La recente sconfitta alle elezioni regionali di Lombardia e Lazio ha riportato in auge il tema di un’opposizione che latita. Carenza di personalità, eterogeneità e mancanza di passione tra le cause ascrivibili al processo.
Roma – In politica quando manca la credibilità non si riesce a determinare quell’entusiasmo necessario per impegnarsi e vincere. E quando l’impegno manca anche ai propri dirigenti, il “papocchio” è servito. In buona sostanza se non si crede in un progetto alternativo alla coalizione avversa non si potranno mai contaminare altri con il virus benefico dell’interesse e della passione per un ideale, che in questo caso è del tutto assente fra i dem che navigano a vista.
Se si ripercorre il cammino degli anni precedenti, all’opposizione o in maggioranza, ci si rende conto di quanto sia sgradevole scoprire che l’incoerenza è l’unico filo che unisce il partito democratico. Un solo esempio, per tutti, il reddito di cittadinanza che ai tempi del governo giallo-verde il Pd non ha voluto votare, per poi in seguito cambiare idea per non lasciare la palla solamente al M5S. Conversione, peraltro, inutile visti i risultati elettorali e le strategie delle alleanze. Di Maio docet, un’alleanza politica da non dimenticare perché traghettata con il simbolo di Tabacci, candidato però tra i dem. La verità è che ancora, nel Pd, si cerca una identità che non si potrà mai raggiungere fino a quando non si farà chiarezza tra i partiti che hanno determinato la fusione fredda.

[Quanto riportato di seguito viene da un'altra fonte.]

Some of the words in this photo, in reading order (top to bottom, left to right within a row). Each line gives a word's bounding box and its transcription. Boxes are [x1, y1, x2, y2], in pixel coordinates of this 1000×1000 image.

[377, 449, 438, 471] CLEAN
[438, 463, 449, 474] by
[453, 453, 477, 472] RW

La Margherita, l’area popolare, qualche ex repubblicano e persino ex Udc, i Ds. Tutti con visioni diverse della società. Se, invece, non è così spieghino il motivo per cui un segretario non resiste più di qualche anno. Sia chiaro che chi vota oggi Pd non fa parte del cosiddetto “proletariato”, ma, invece, con il naso all’insù avverte solamente un senso di superiorità, morale ed etica, nei confronti del centrodestra. La vera base elettorale di sinistra proveniente dall’ex Pci ormai sta scomparendo e forse anche gli ideali che l’hanno determinata. Spostare tutto il partito, comunque, a sinistra significa continuare ad ingolfare una parte politica che è già presente nel panorama attuale, anche se divisa.

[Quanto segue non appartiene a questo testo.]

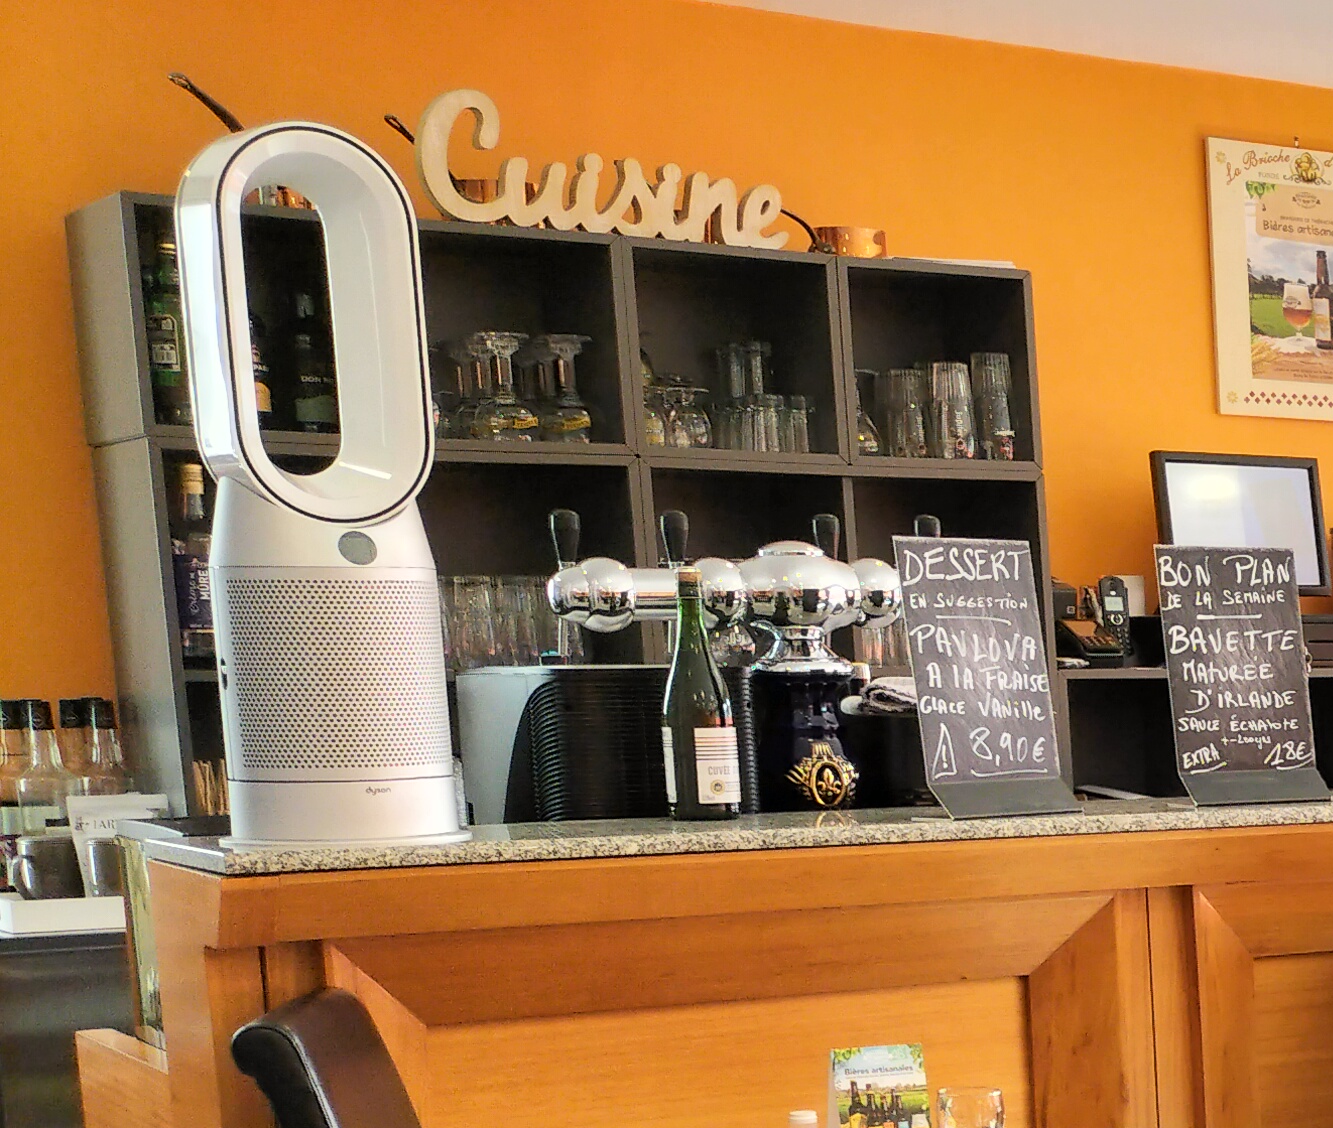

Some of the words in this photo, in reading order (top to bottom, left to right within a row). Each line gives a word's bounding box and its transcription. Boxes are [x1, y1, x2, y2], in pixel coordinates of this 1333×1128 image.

[415, 88, 789, 250] Cuisine
[1263, 220, 1294, 233] Bières
[902, 547, 1030, 586] DESSERT
[1158, 555, 1212, 587] BON
[1222, 554, 1292, 586] PLAN
[909, 593, 928, 609] EN
[934, 592, 1028, 610] SUGGESTION
[1162, 591, 1182, 611] DE
[1195, 591, 1213, 609] LA
[1222, 587, 1286, 605] SEMAINE
[909, 624, 1036, 663] PAVLOVA
[1168, 625, 1298, 655] BAVETTE
[926, 662, 942, 689] A
[979, 662, 1050, 693] FRAISE
[919, 695, 966, 715] GLACE
[1178, 718, 1220, 732] SAUCE
[969, 726, 1046, 767] 8,90€
[1182, 743, 1221, 769] EXTRA
[1264, 741, 1312, 766] 18€
[366, 786, 391, 796] dyson
[844, 1066, 870, 1076] Bières
[872, 1064, 913, 1074] artisanales

In ogni caso, la secca sconfitta elettorale registrata dallo schieramento avverso al centrodestra nelle due principali regioni italiane, il Lazio e la Lombardia, ha molteplici motivazioni: le divergenze, la scarsa condivisione delle alleanze che con fatica e scarso entusiasmo si sono parzialmente realizzate, tanto che il Pd è rimasto in mezzo al guado e privo di un comandante. I deboli spunti programmatici dei suoi candidati alle regionali, peraltro lasciati soli, non hanno convinto. Ma tutto questo non basta per giustificare lo scarso consenso ottenuto che coinvolge tutti i protagonisti, non a caso all’indomani del voto i loro commenti sono stati di circostanza, compreso quello del segretario del Pd, che si è detto soddisfatto che il partito abbia mantenuto l’egemonia sui concorrenti pentastellati e terzopolisti. Uno strano modo per esorcizzare la doppia sconfitta.

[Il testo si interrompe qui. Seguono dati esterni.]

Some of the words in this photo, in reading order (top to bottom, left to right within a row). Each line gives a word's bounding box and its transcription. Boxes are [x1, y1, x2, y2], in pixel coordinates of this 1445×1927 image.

Insomma, l’unico sorriso che è emerso è stato quello di constatare di essere arrivati primi tra i perdenti. Oltretutto, è opportuno sottolineare che la somma dei voti delle tre forze politiche è inferiore a quanto guadagnato dal centrodestra. Ovvero se anche Pd, Movimento 5 Stelle e Terzo Polo si fossero presentati assieme non avrebbero vinto. Invece, la forza del centrodestra, che per altro si era presentato diviso sulle questioni di governo nazionale, è stata quella di proporsi come identità in grado di riprendere le redini del potere regionale e quindi di governare i territori per i prossimi 5 anni.
Insomma, la certezza di non potere vincere è stata trasmessa ai cittadini. Tanto è vero che gli elettori di centrosinistra si sono convinti che non c’era gara, non c’era una reale alternativa al centrodestra, che il loro voto non sarebbe servito, perciò sono rimasti a casa e questo vale anche per lo schieramento vincente. Insomma non c’era entusiasmo da nessuna parte.